Within less than a century after Luther's death the German was
inundated with pedantic barbarisms. A few volumes of this period I
read through from motives of curiosity; for it is not easy to imagine
any thing more fantastic, than the very appearance of their pages.
Almost every third word is a Latin word with a Germanized ending, the
Latin portion being always printed in Roman letters, while in the last
syllable the German character is retained.

At length, about the year 1620, Opitz arose, whose genius more nearly
resembled that of Dryden than any other poet, who at present occurs to
my recollection. In the opinion of Lessing, the most acute of critics,
and of Adelung, the first of Lexicographers, Opitz, and the Silesian
poets, his followers, not only restored the language, but still remain
the models of pure diction.

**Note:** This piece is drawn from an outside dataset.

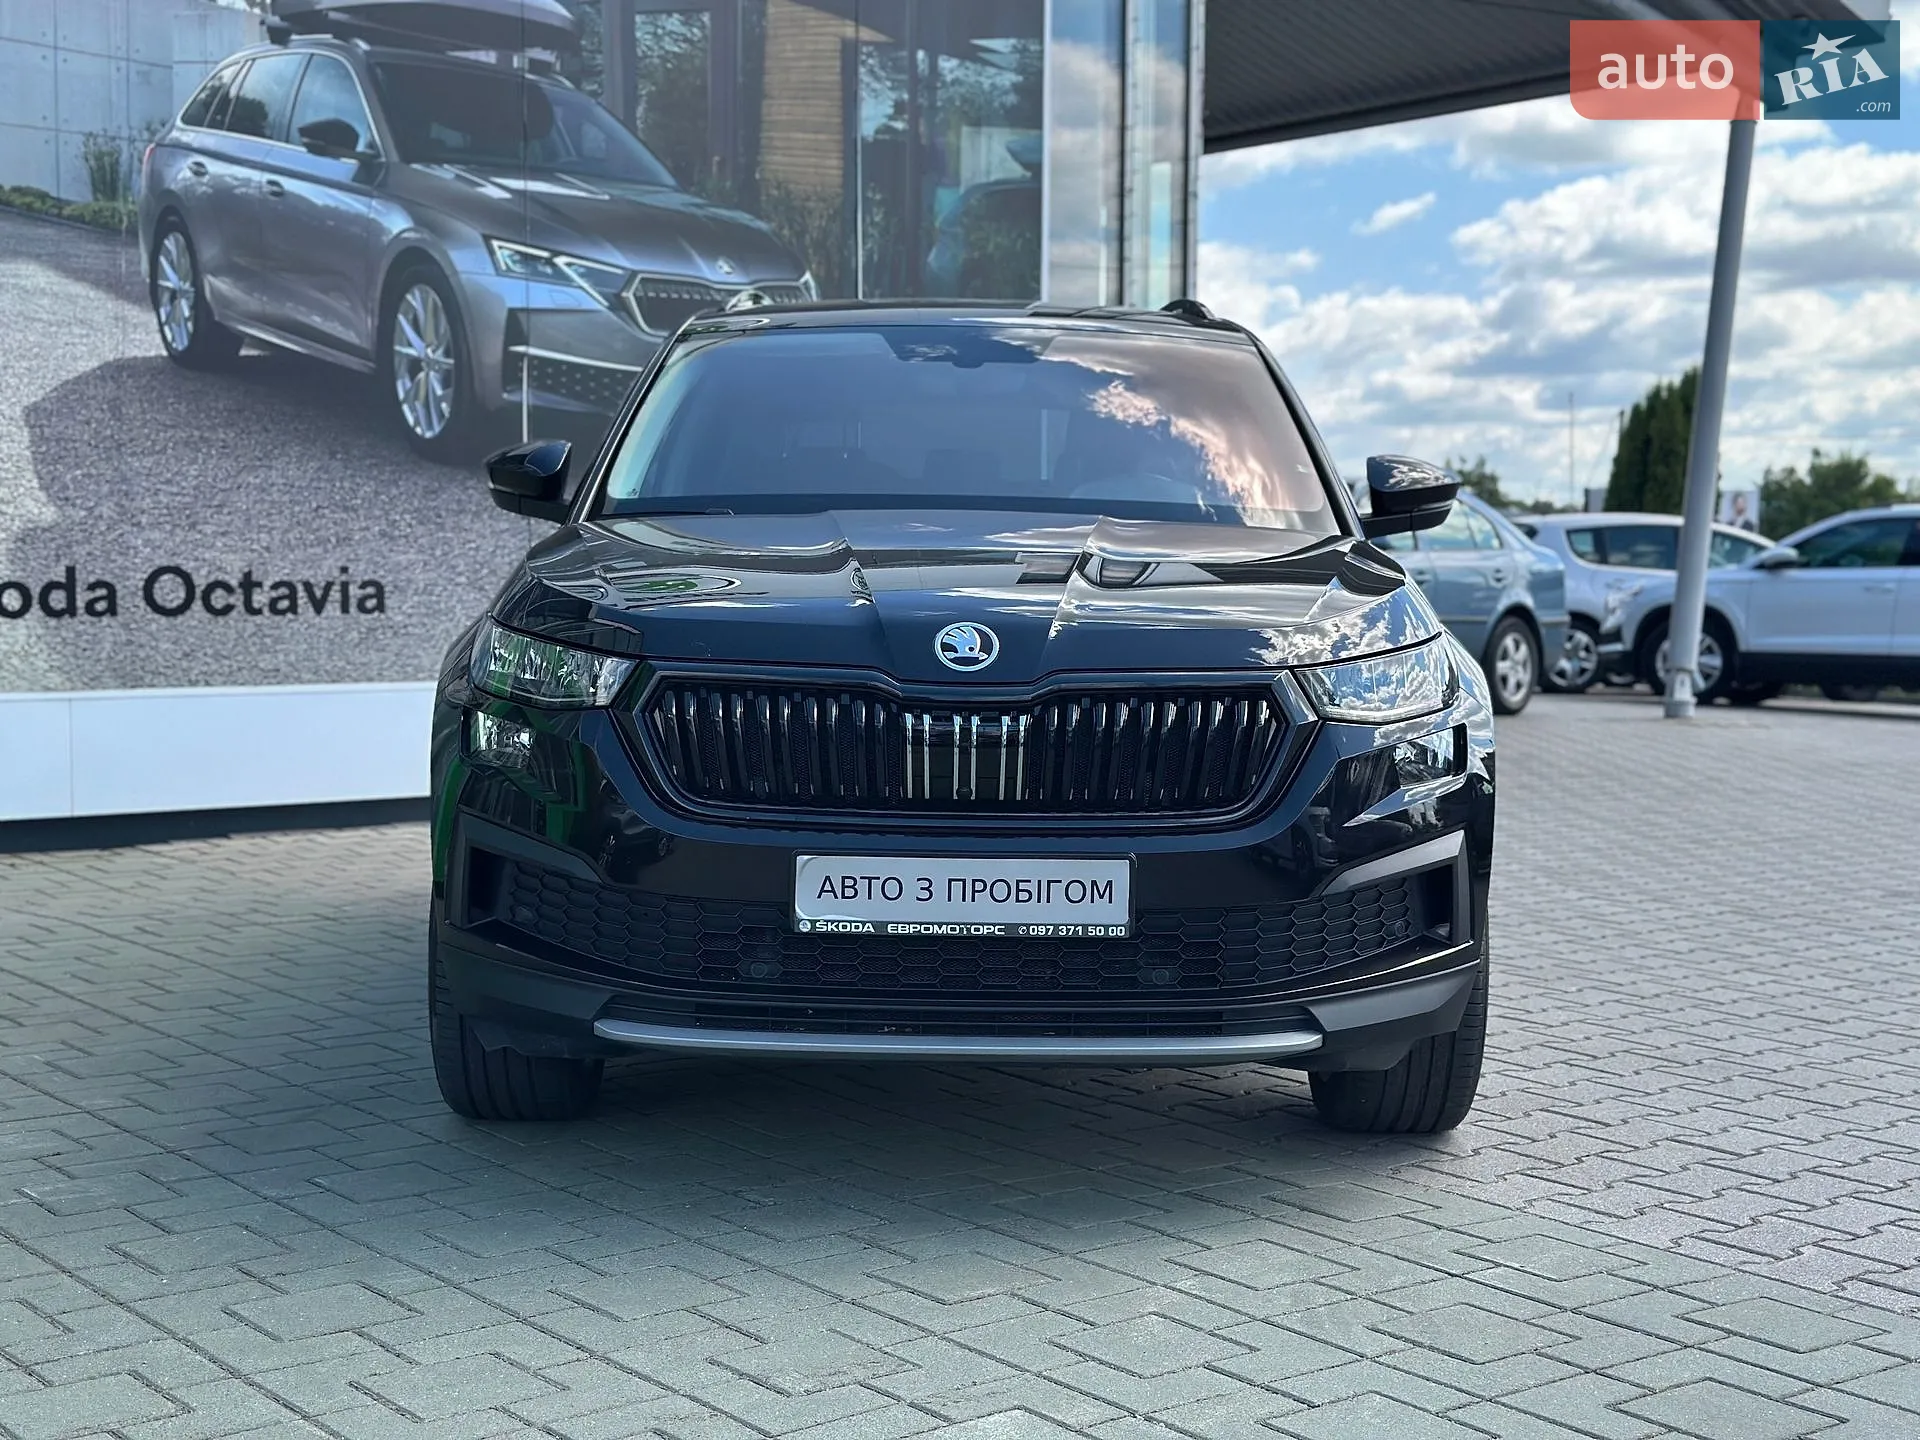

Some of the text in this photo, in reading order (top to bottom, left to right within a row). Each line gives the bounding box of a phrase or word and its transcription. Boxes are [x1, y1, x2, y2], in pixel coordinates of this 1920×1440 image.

[143, 565, 385, 617] Octavia
[816, 875, 1114, 904] АВТО З ПРОБІГОМ
[815, 919, 1126, 937] ŠKODA ЕВРОМОТОРС 097 371 50 00

A stranger has no vote on such a question;
but after repeated perusal of the works of Opitz my feelings justified
the verdict, and I seemed to have acquired from them a sort of tact
for what is genuine in the style of later writers.

Of the splendid aera, which commenced with Gellert, Klopstock, Ramler,
Lessing, and their compeers, I need not speak. With the opportunities
which I enjoyed, it would have been disgraceful not to have been
familiar with their writings; and I have already said as much as the
present biographical sketch requires concerning the German
philosophers, whose works, for the greater part, I became acquainted
with at a far later period.

Soon after my return from Germany I was solicited to undertake the
literary and political department in the Morning Post; and I acceded
to the proposal on the condition that the paper should thenceforwards
be conducted on certain fixed and announced principles, and that I
should neither be obliged nor requested to deviate from them in favour
of any party or any event. In consequence, that journal became and for
many years continued anti-ministerial indeed, yet with a very
qualified approbation of the opposition, and with far greater
earnestness and zeal both anti-Jacobin and anti-Gallican. To this hour
I cannot find reason to approve of the first war either in its
commencement or its conduct. Nor can I understand, with what reason
either Mr. Perceval, (whom I am singular enough to regard as the best
and wisest minister of this reign,) nor the present Administration,
can be said to have pursued the plans of Mr. Pitt. The love of their
country, and perseverant hostility to French principles and French
ambition are indeed honourable qualities common to them and to their
predecessor. But it appears to me as clear as the evidence of the
facts can render any question of history, that the successes of the
Perceval and of the existing ministry have been owing to their having
pursued measures the direct contrary to Mr. Pitt's. Such for instance
are the concentration of the national force to one object; the
abandonment of the subsidizing policy, so far at least as neither to
goad nor bribe the continental courts into war, till the convictions
of their subjects had rendered it a war of their own seeking; and
above all, in their manly and generous reliance on the good sense of
the English people, and on that loyalty which is linked to the very
[40] heart of the nation by the system of credit and the
interdependence of property.

Be this as it may, I am persuaded that the Morning Post proved a far
more useful ally to the Government in its most important objects, in
consequence of its being generally considered as moderately anti-
ministerial, than if it had been the avowed eulogist of Mr. Pitt. The
few, whose curiosity or fancy should lead them to turn over the
journals of that date, may find a small proof of this in the frequent
charges made by the Morning Chronicle, that such and such essays or
leading paragraphs had been sent from the Treasury. The rapid and
unusual increase in the sale of the Morning Post is a sufficient
pledge, that genuine impartiality with a respectable portion of
literary talent will secure the success of a newspaper without the aid
of party or ministerial patronage. But by impartiality I mean an
honest and enlightened adherence to a code of intelligible principles
previously announced, and faithfully referred to in support of every
judgment on men and events; not indiscriminate abuse, not the
indulgence of an editor's own malignant passions, and still less, if
that be possible, a determination to make money by flattering the envy
and cupidity, the vindictive restlessness and self-conceit of the
half-witted vulgar; a determination almost fiendish, but which, I have
been informed, has been boastfully avowed by one man, the most
notorious of these mob-sycophants! From the commencement of the
Addington administration to the present day, whatever I have written
in THE MORNING POST, or (after that paper was transferred to other
proprietors) in THE COURIER, has been in defence or furtherance of the
measures of Government.

Things of this nature scarce survive that night
That gives them birth; they perish in the sight;
Cast by so far from after-life, that there
Can scarcely aught be said, but that they were!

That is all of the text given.